Concretely, the elements of our models are finite directed walks on the graph, that we call strategies. A reward function is then defined to evaluate the best solutions to the problem, and its extension—the oracle function—will give the main tool for the forecast on the dynamical system. As predictive tool we will use the extension expressions provided by the classical formulas of McShane and Whitney, adequately adapted for the case of semi-Lipschitz functions on quasi-pseudo-metric spaces. Our aim is to provide new models for understanding success reward systems in which there is an intrinsic asymmetry in the definition of the metric, and where the items of the systems are represented as walks in a graph. This is the case, for example, when we want to introduce a directionality given by the time variable in evolutionary systems, or the case when the topology must reflect a hierarchical relation among the nodes of the graph. As we said, the natural underlying metric structure in a graph representing a dynamical system is not symmetric: non-symmetric distances model in an optimal way the evolution of the system with the time. It must be said that a (symmetric) distance is often used for non-directed graphs: the so called path distance, defined as the infimum of the number of edges (maybe weighted) in all possible paths that connect different nodes of a graph; it can be found for example in the book by Deza and Deza (2009). The experienced reader knows that this kind of structure is conceptually related to the theoretical setting of the bayesian networks, that use these constructions as models, and also with the so called Markov networks. Although the relationship with these approaches is evident, we must indicate that our mathematical framework is not the same, since we are not using probabilistic arguments, as the reader will notice. Our method could allow to model two problems that we are interested in, and are often solved using the mentioned tools: causal graphs and paths in time evolutionary systems (Chen & Giménez, 2010; Casteigts et al., 2011) (see also the references therein).

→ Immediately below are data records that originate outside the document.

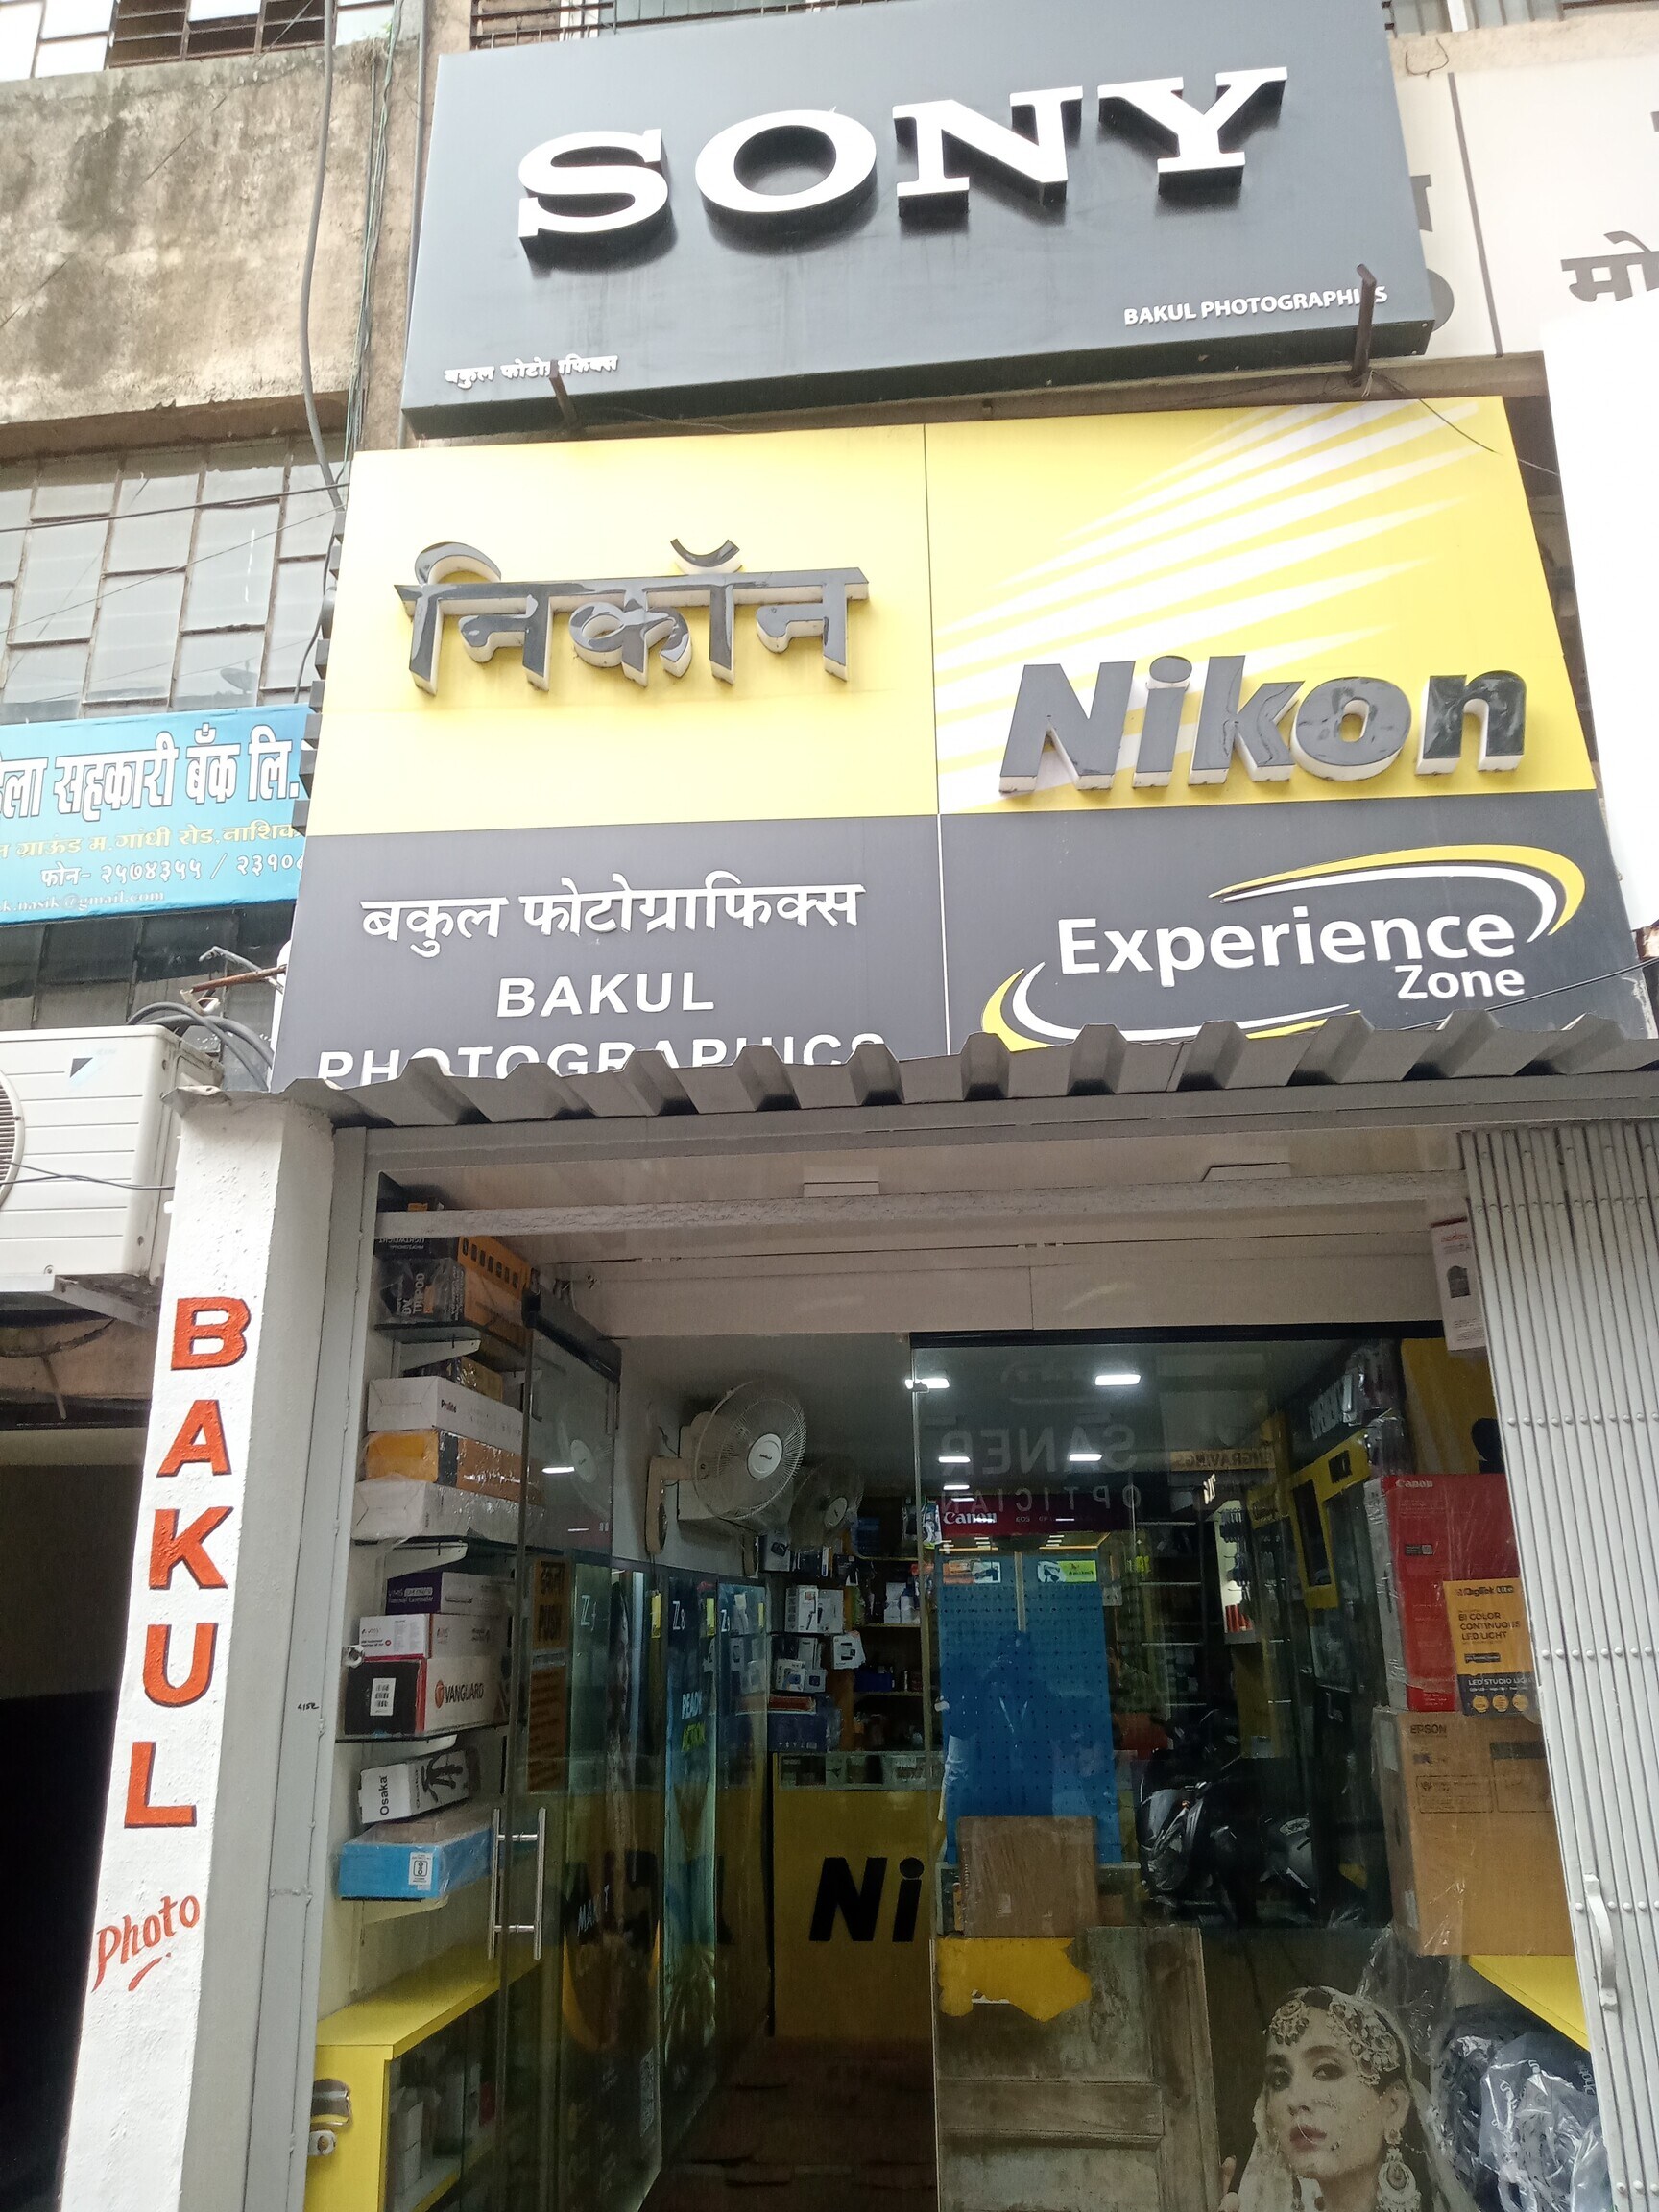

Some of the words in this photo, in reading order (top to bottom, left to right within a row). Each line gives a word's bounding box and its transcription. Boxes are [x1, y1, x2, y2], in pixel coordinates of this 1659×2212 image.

[517, 65, 1288, 246] SONY
[1123, 301, 1197, 326] BAKUL
[1201, 285, 1389, 319] PHOTOGRAPHIS
[393, 540, 871, 697] निकॉन
[998, 654, 1528, 795] Nikon
[53, 730, 180, 823] सहकारी
[360, 896, 509, 959] बकुल
[518, 869, 867, 936] फोटोग्राफिक्स
[1056, 905, 1517, 989] Experience
[495, 971, 716, 1019] BAKUL
[1397, 963, 1526, 1002] Zone
[1395, 1479, 1434, 1489] Canon
[943, 1511, 998, 1525] Canon
[123, 1296, 252, 1830] BAKUL
[1459, 1620, 1521, 1631] CONTINUOUS
[1461, 1632, 1479, 1641] LED
[1469, 1612, 1502, 1621] COLOR
[445, 1682, 485, 1704] VANGUARD
[1484, 1677, 1512, 1686] STUDIO
[1409, 1724, 1447, 1734] EPSON
[378, 1775, 390, 1816] Osaka
[92, 1893, 201, 1993] Photo

Once the basic structure of the system is defined—an underlying directed tree, a set of strategies, a quasi-pseudo-metric on it,—we use classical extension formulas for Lipschitz functions on (quasi-pseudo)-metric spaces as main tools for the construction of our learning algorithms. The definition of an adequate reward function on a training set of strategies \(S_0\) together with an extension rule will give an estimate of the oracle function \({\mathcal {O}}\) for all the strategies in S. The increase of the training set \(S_0\) would leave to a better estimate for \({\mathcal {O}},\) constituting in this way a reinforcement learning algorithm that will be checked in the last section of the paper. The increase in the set of evaluated successful paths (which are included in \(S_0\) at each step) plays the role of the cumulative reward that is usually given by the value function in RL algorithms. We have already used this method in general metric spaces in the applied context of the prospective in financial markets (Calabuig et al., 2020).

An example of how our results can help is provided by the increasing interest of the so called graph embedding algorithms, which embed a graph into a vector space. The structure and the main properties of the graph are preserved in this embedding, but some properties, as the asymmetric transitivity in the graph inherent to directed graphs cannot be adequately represented. Some new ideas have been already proposed to solve this problem (Ou et al., 2016), which could be also faced by introducing non-symmetric distances, which also allows to correctly model transitivity properties. Our ideas can also help as theoretical framework for other current problems in deep reinforcement learning (Sutton & Barto, 2017), that often uses graph-based representations as operational tool (Waradpande et al., 2020).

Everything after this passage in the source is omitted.